By now it’s clear that no single book can capture the full dimensions of that momentous day. Patrick Creed and Rick Newman’s upcoming Firefight: Inside the Battle to Save the Pentagon on 9/11 (2008), for example, deals solely and memorably with putting out the inferno caused by the crash of American Flight 77. Relying on tapes, transcripts and interviews, Spencer offers another perspective on the fate of that flight and numerous other incredible events in the American sky that morning. Saddled with outdated equipment and communications systems, the military’s air defense was organized to anticipate an attack from missiles or airplanes approaching the borders. Forced to improvise, the Air Force quickly scrambled jets and, for the first time in American history, found itself flying combat patrol in American skies filled with hundreds of airliners. Contrary to the conclusions of the 9/11 Commission, Spencer argues that the military could have shot down United 93, the last of the four hijacked aircraft, had it continued toward the nation’s capital. For a generation of industry civilians—pilots, air-traffic controllers, regulatory officials—for whom hijackings were a relic of the ’60s and ’70s, these attacks broke all known rules. Instead of commandeering airplanes to make a political statement, to seek asylum or ransom, the al-Qaeda operatives converted planes into missiles.

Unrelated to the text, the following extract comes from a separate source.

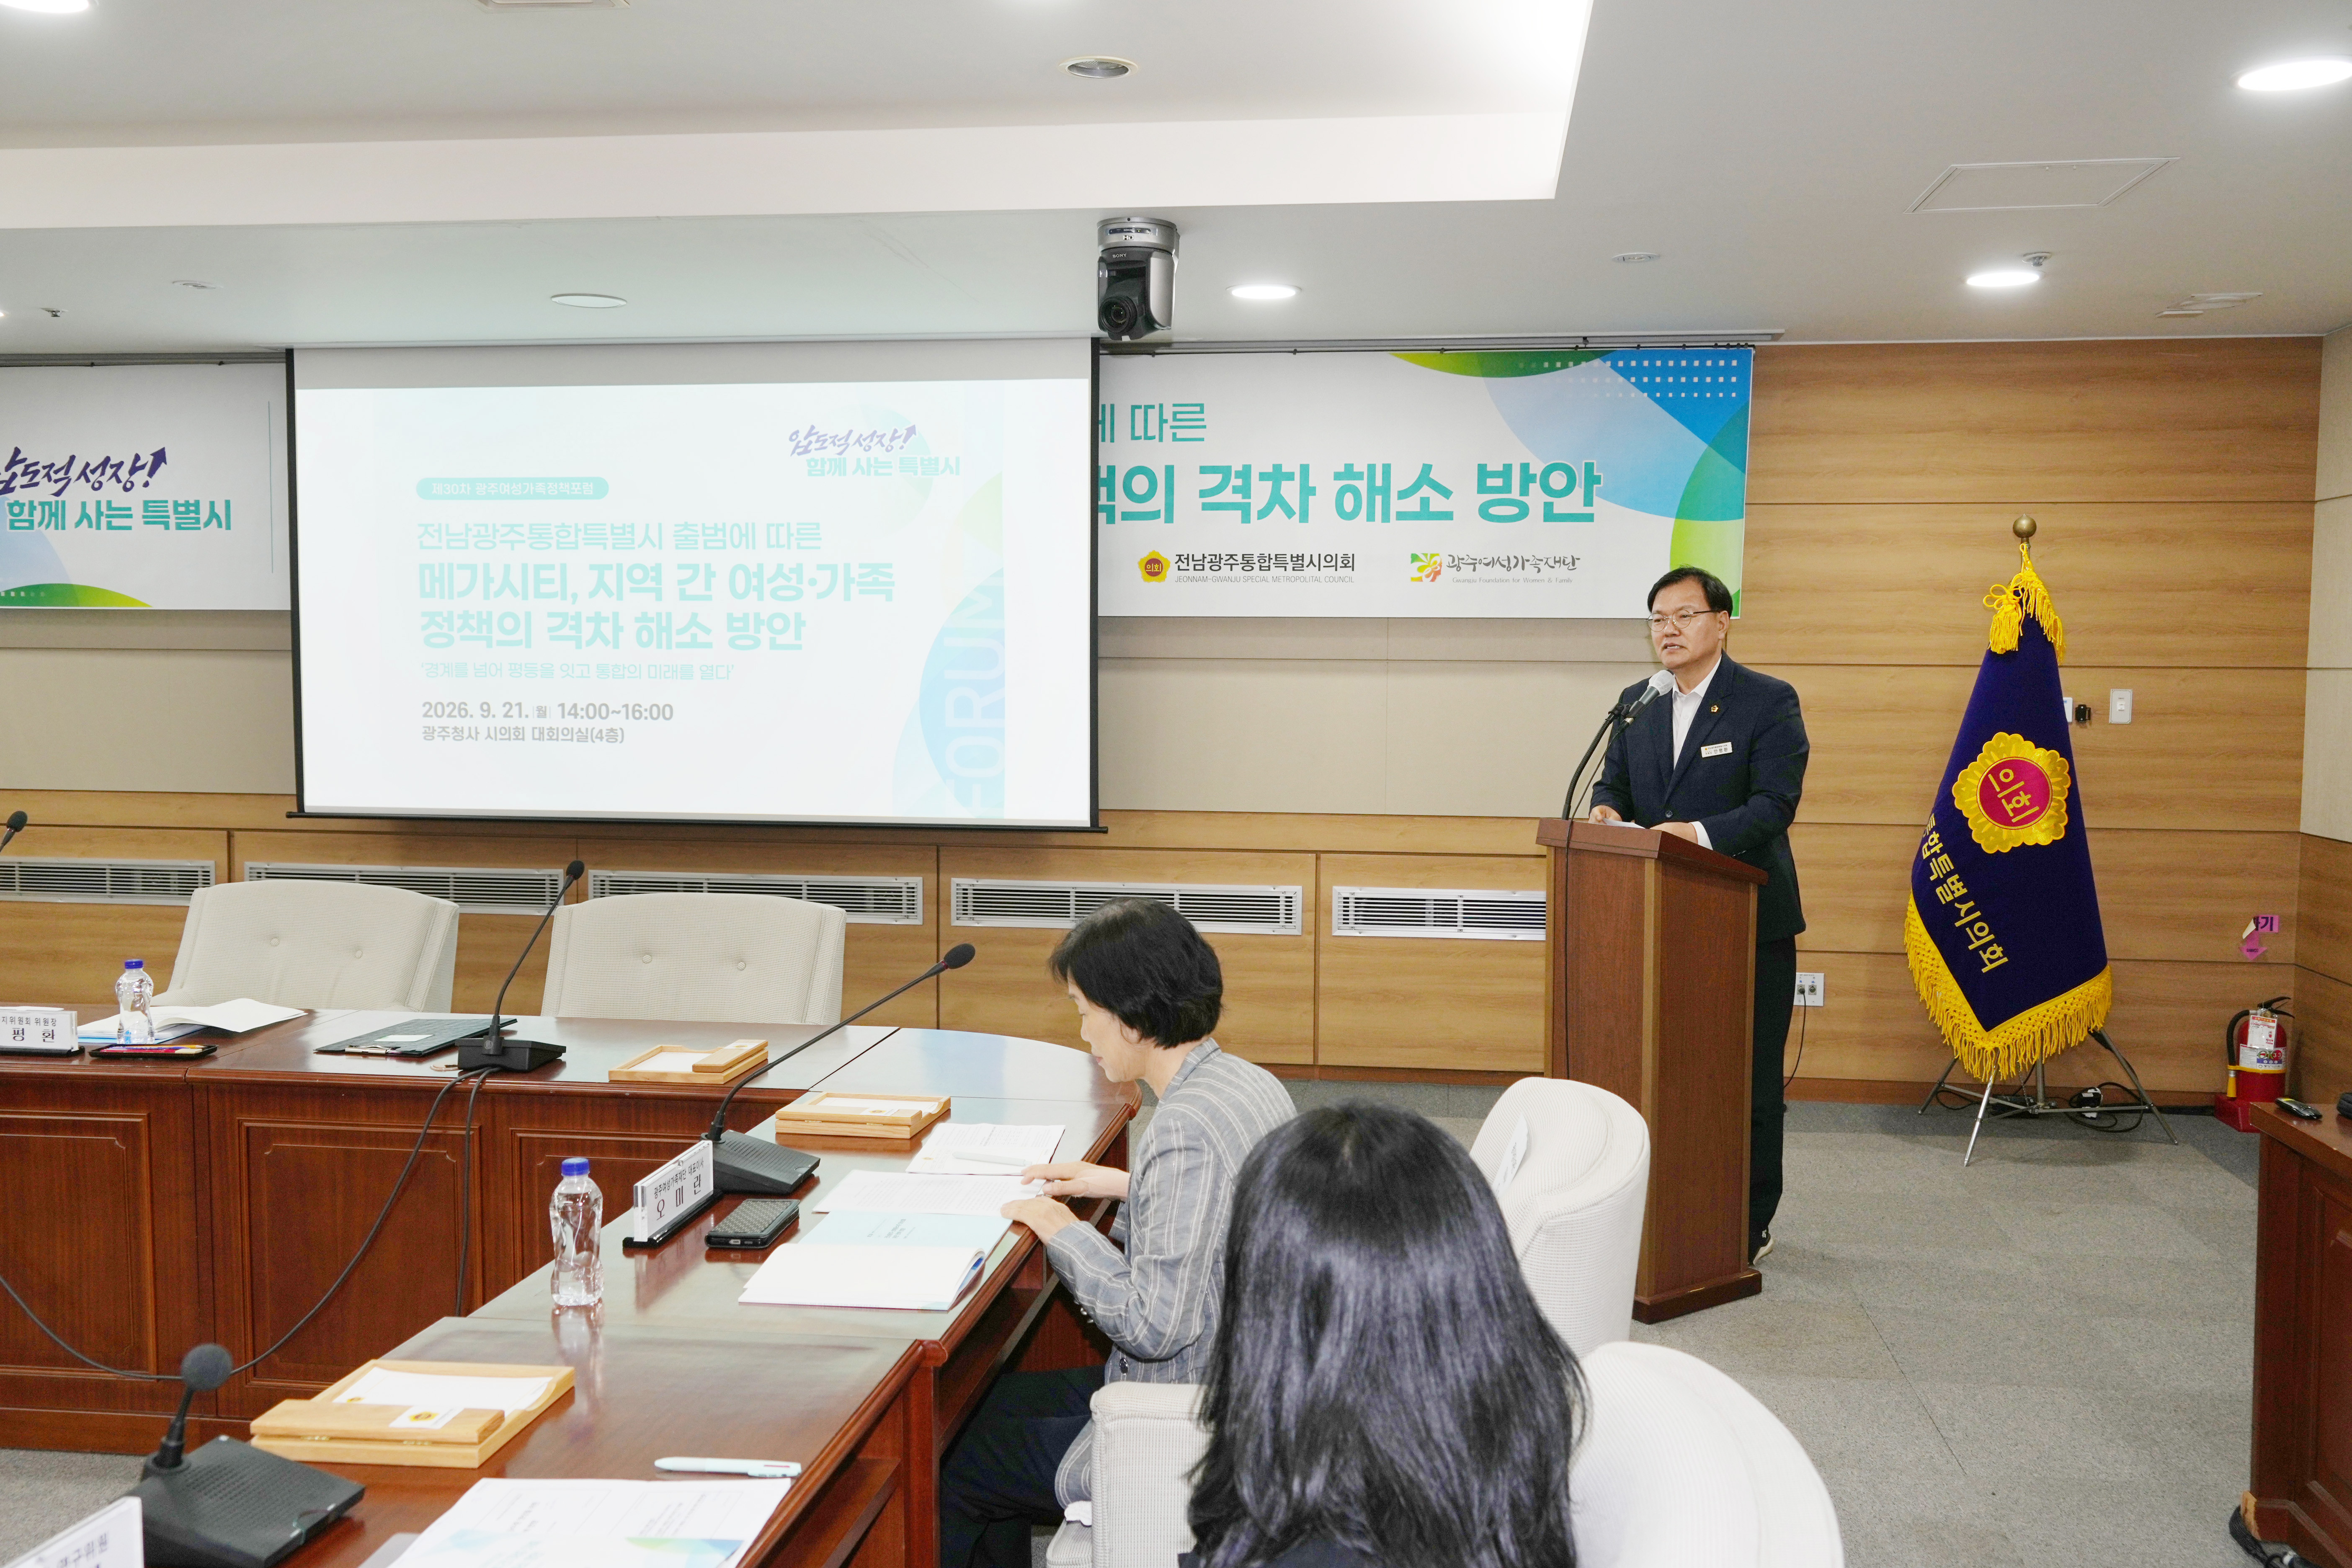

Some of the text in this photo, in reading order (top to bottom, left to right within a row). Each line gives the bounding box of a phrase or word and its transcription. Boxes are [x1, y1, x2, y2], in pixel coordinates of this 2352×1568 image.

How the industry moved from surprise to bafflement to comprehension, to an unprecedented ordering of all planes out of the sky, is the core of Spencer’s story. Although she depends too heavily on direct transcriptions and sometimes fails to smoothly integrate the many strands of her narrative, Spencer manages to convey a sense of the excruciating problems posed that morning to anyone charged with wringing order from the chaos in the sky.
A useful addition to the literature of 9/11.